Original Mike said...

"Is there no way to fight terrorism that doesn't violate our principles of nondiscrimination, freedom, and fairness?"

Your mistake is an unstated assumption. You (and I) do not want to discriminate against innocents. Once you tell us how we can identify them on sight, we can proceed.

Lyle Smith said...

Yes, how can our government discriminate Islamists from Muslims, from not discriminating against all Muslims?

holdfast said...

"How did they manage to buy this many rounds of ammunition without raising suspicion? Is it that easy for anyone to buy such large quantities?"

Yes it is easy. A competitive shooter can go through thousands of rounds a month in practice and competition.

Those of us who enjoy recreational shooing have been stocking up lately on the assumption that when Hillary! becomes the official Dem candidate her heated rhetoric will cause price spikes and shortages, like what happened after Sandy Hook.

Sam said...

This one is a weird one.

My theory is they were lone-wolfish jihadis readying themselves for a Paris-style rampage (more likely in Los Angeles than in San Bernardino IMHO) then he got pissed off at his work party and decided on the spur of the moment to do the deed there. Speaks of low discipline.

Regarding ammo sales, http://minnesota.cbslocal.com/2012/07/23/good-question-why-arent-large-ammo-purchases-tracked/

ilvuszq said...

When two or more persons perform a slaughter and the proof that they did do it is available then one should be kept for gleaning information and the others executed on the spot. Would that be a deterrent?

Gabriel said...

@Ann:To my mind, the "Islamophobe" accusation is really a confession of a belief that the government cannot do the screening and security it purports to do.

Of course ISIS and the nations that sponsor terrorism could start keeping a database of their operatives, and if they grant us access then of course it will be easy to look people up.

Is there no way to fight terrorism that doesn't violate our principles of nondiscrimination, freedom, and fairness?

Not one German or Japanese we killed from 1941 - 1945 was given due process under our laws, except the Quirin saboteurs I suppose. For that matter not one person killed by Obama's drones was given due process under our laws.

Your question might as well be "is no sunrise made of leather"? It's a category error.

Fighting terrorism is not a matter for nondiscrimination, freedom, and fairness. Fighting crime is a matter for nondiscrimination, freedom and fairness.

This incident is being treated as a crime. Preventing the incident of course is outside the scope of criminal justice system.

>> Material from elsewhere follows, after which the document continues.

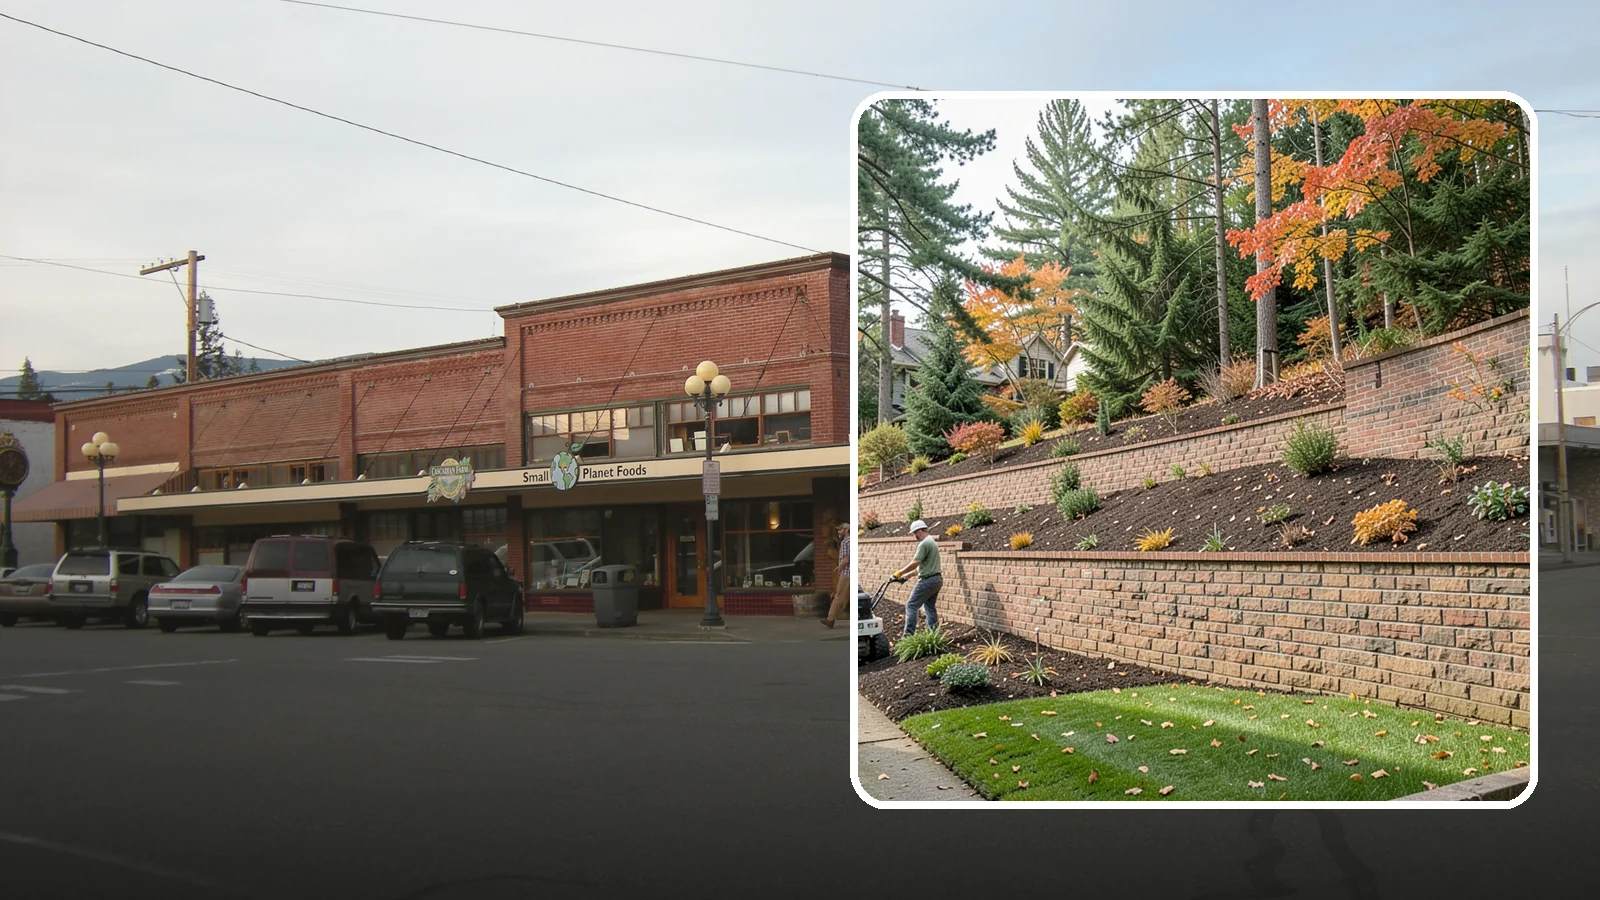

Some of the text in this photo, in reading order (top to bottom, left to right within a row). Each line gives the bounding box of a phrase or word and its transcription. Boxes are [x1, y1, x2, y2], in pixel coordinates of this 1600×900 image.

[523, 464, 646, 483] Small Planet Foods

If you don't want immigrants given the opportunity, you have to keep them from getting here in the first place, which again, not a matter for "nondiscrimination, freedom and fairness".

Peter said...

"we can vet refugees using Syrian law enforcement databases. Which are controlled by the Assad government.

But if the databases are unreliable, "official" Syrian government documents are even more so, as many government offices were overrun by ISIS. Which gives it the capability of producing "Syrian government" documents on the same forms used by the Syrian government.

hawkeyedjb said...

Does this incident show the need for better surveillance of 'certain groups'? No.

Does it show the need for better immigration control? No.

Does it indicated anything at all about Islam or Muslims? No.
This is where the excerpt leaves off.